Data for analysis:
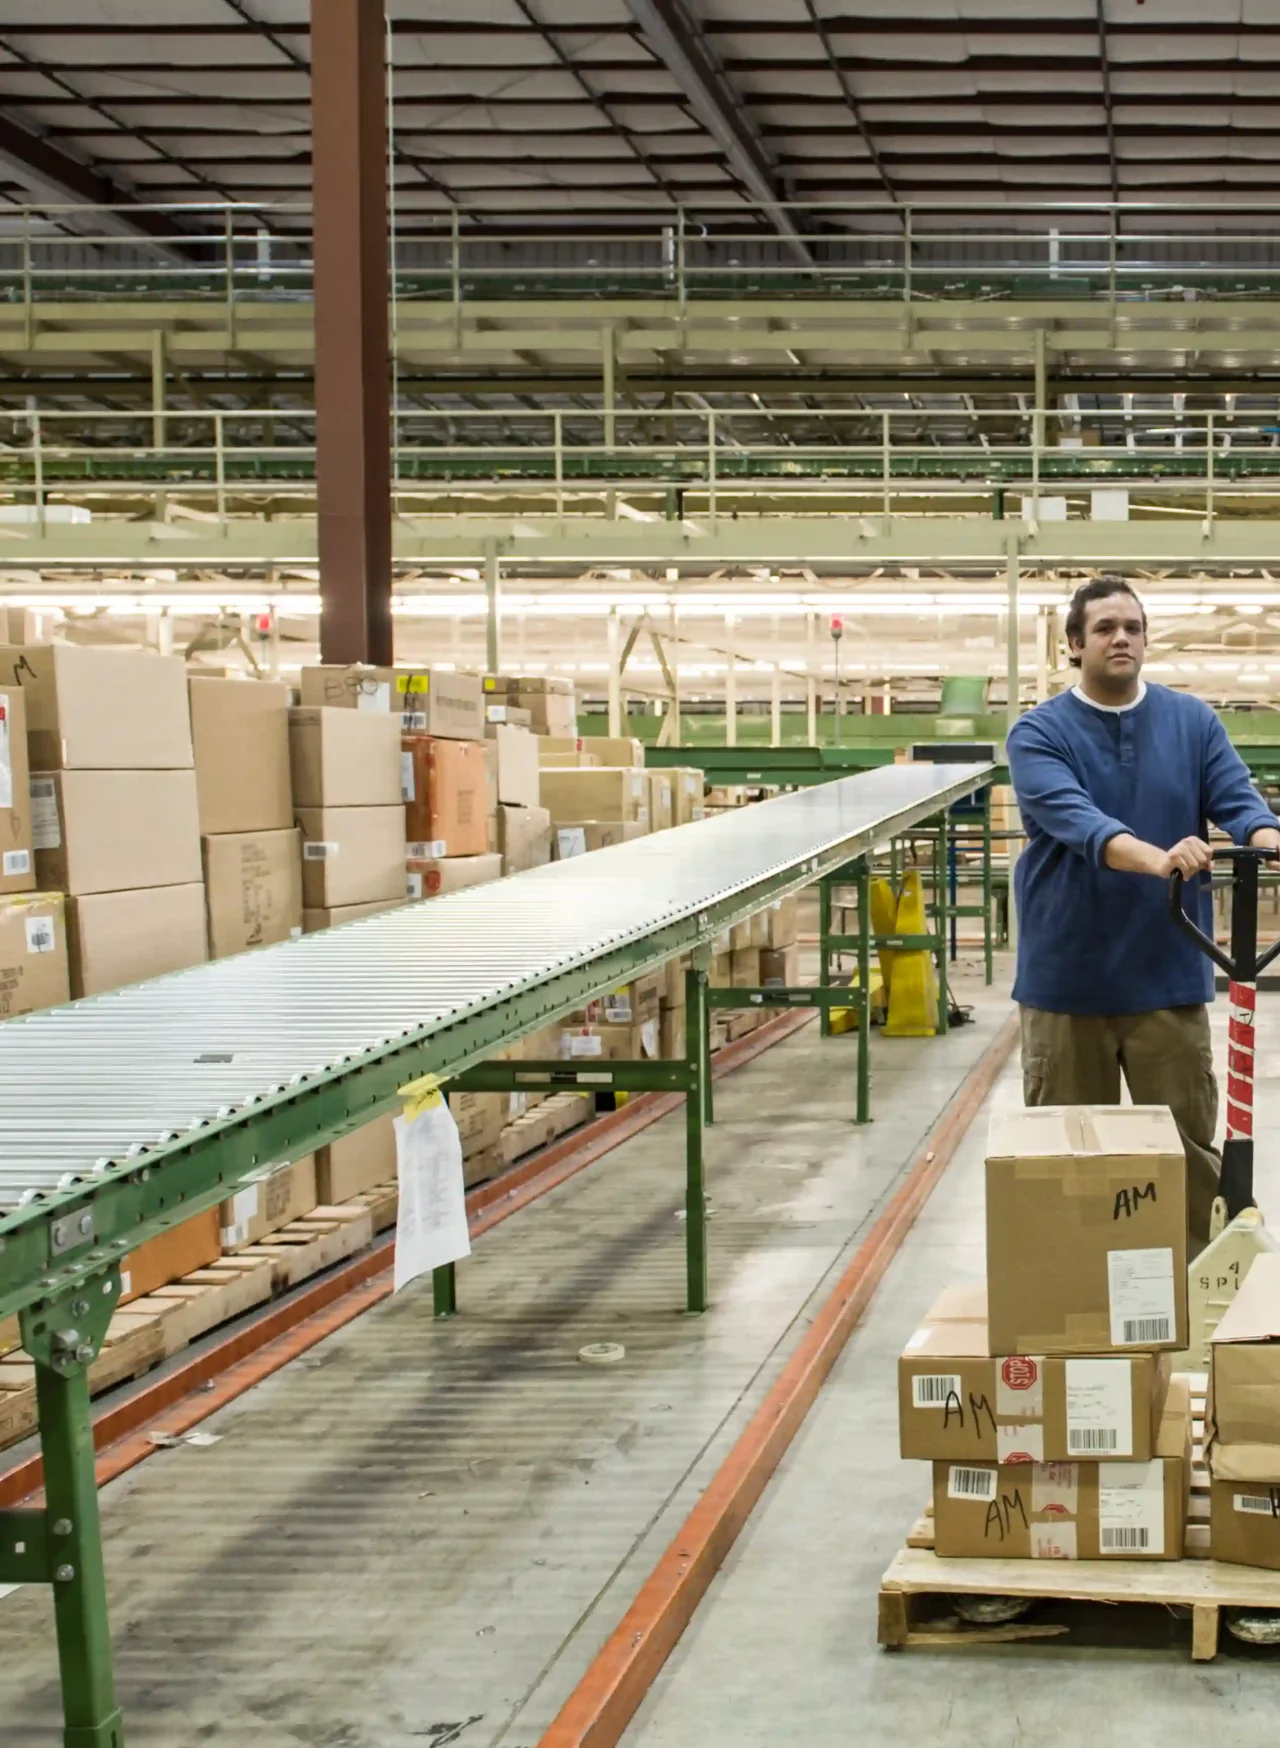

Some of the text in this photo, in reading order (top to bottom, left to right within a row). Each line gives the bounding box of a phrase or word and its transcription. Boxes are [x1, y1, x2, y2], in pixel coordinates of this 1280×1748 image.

[1113, 1182, 1157, 1221] AM
[1228, 1261, 1240, 1274] 4
[1009, 1359, 1031, 1385] STOP
[943, 1390, 998, 1440] AM
[984, 1488, 1029, 1541] AM
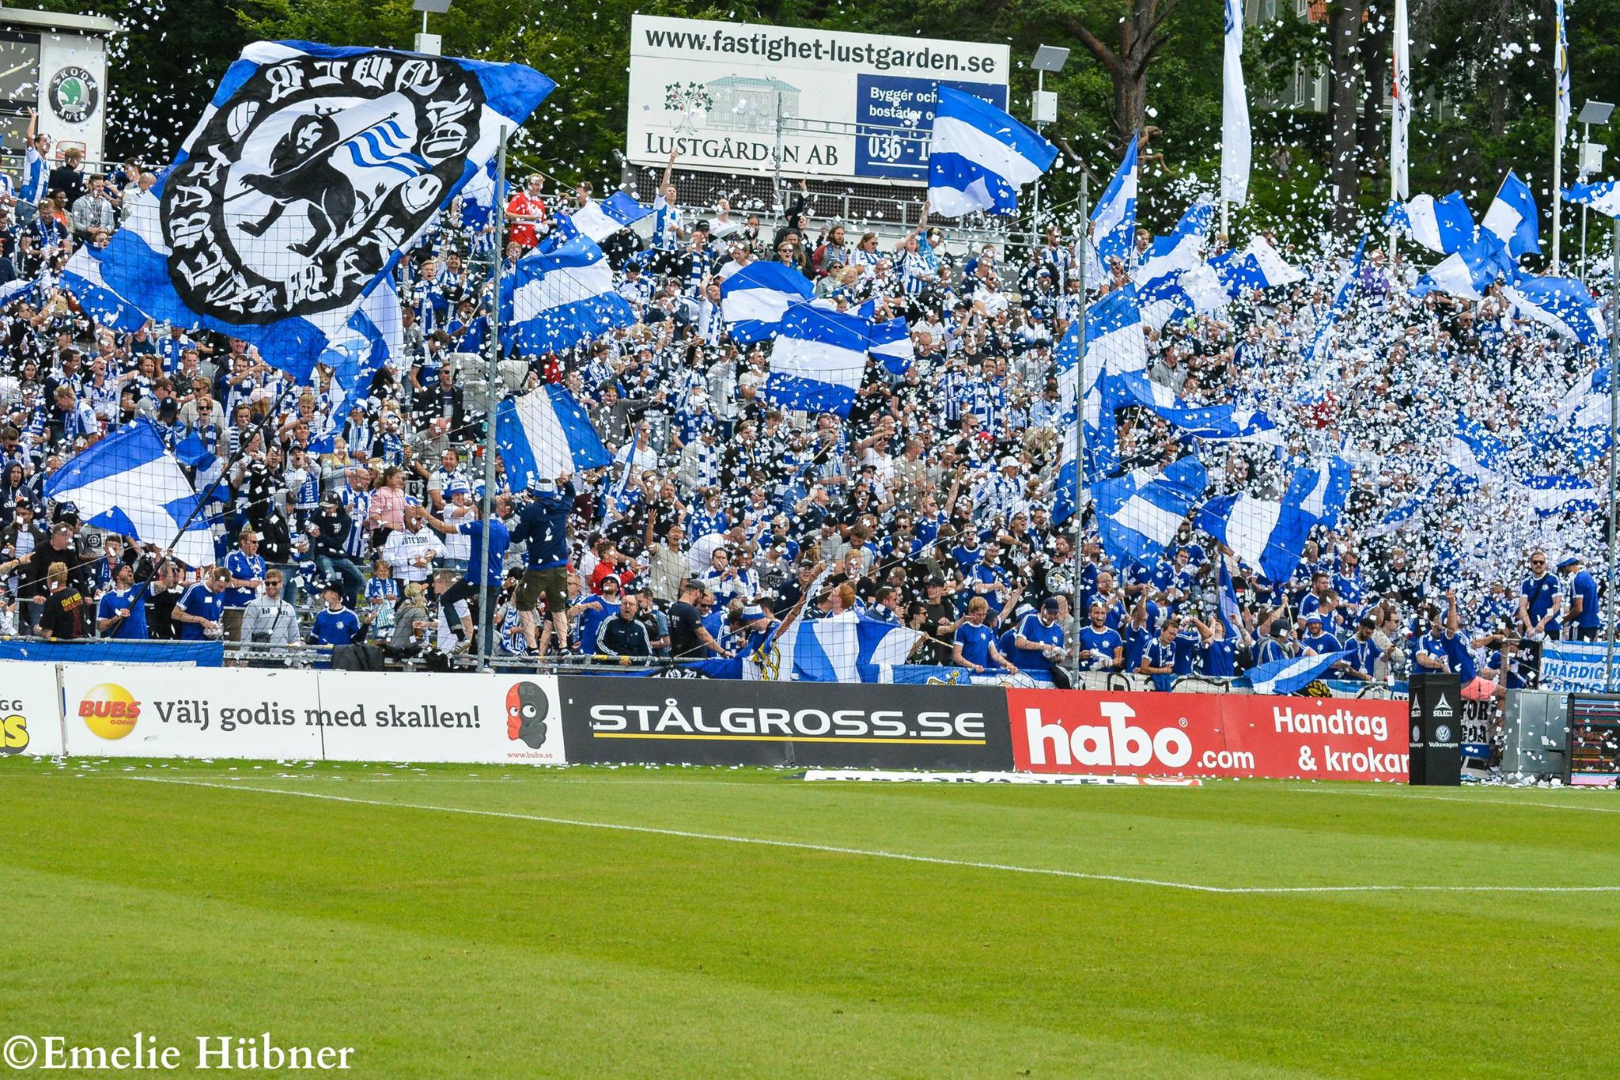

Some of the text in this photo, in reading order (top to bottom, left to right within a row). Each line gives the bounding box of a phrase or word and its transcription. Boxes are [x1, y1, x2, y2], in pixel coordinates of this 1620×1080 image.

[645, 29, 996, 73] www.fastighet-lustgarden.se
[805, 144, 839, 166] AB
[868, 133, 902, 159] 036
[78, 700, 142, 718] BUBS
[153, 699, 482, 732] Välj godis med skallen!
[588, 697, 987, 738] STÅLGROSS.SE
[1024, 700, 1193, 768] habo
[1272, 706, 1388, 742] Handtag
[506, 751, 553, 759] www.bubs.se
[1297, 745, 1318, 771] &
[1428, 741, 1459, 749] Volkswagen
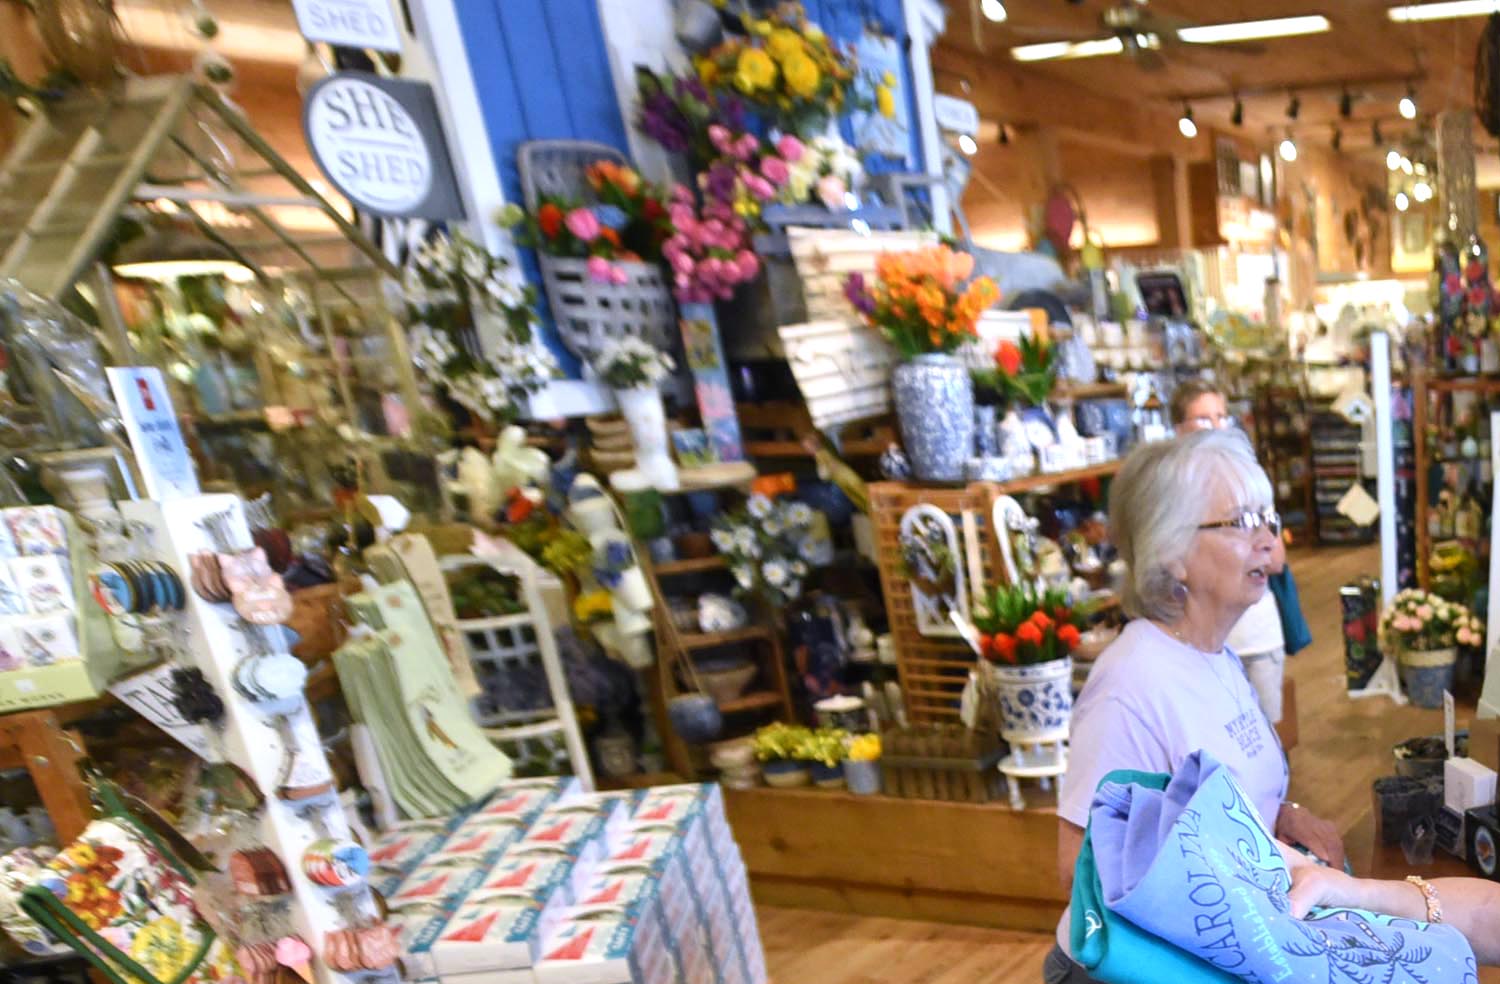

How to complete this task: For the records above, give every line again exactly and skip the pictures.

Written solution:
Some of the text in this photo, in reading order (top to bottom, left to right within a row). Each line gives the bounding box of a phrase or word and its transcription. Boxes are [x1, y1, x2, y2], in pixel coordinates of this 1280×1748 image.

[1113, 1182, 1157, 1221] AM
[1228, 1261, 1240, 1274] 4
[1009, 1359, 1031, 1385] STOP
[943, 1390, 998, 1440] AM
[984, 1488, 1029, 1541] AM

Some of the text in this photo, in reading order (top to bottom, left to right within a row). Each line gives the bounding box of a phrase or word and its transcription. Boxes are [x1, y1, x2, y2], in pixel coordinates of this 1620×1080 image.

[645, 29, 996, 73] www.fastighet-lustgarden.se
[805, 144, 839, 166] AB
[868, 133, 902, 159] 036
[78, 700, 142, 718] BUBS
[153, 699, 482, 732] Välj godis med skallen!
[588, 697, 987, 738] STÅLGROSS.SE
[1024, 700, 1193, 768] habo
[1272, 706, 1388, 742] Handtag
[506, 751, 553, 759] www.bubs.se
[1297, 745, 1318, 771] &
[1428, 741, 1459, 749] Volkswagen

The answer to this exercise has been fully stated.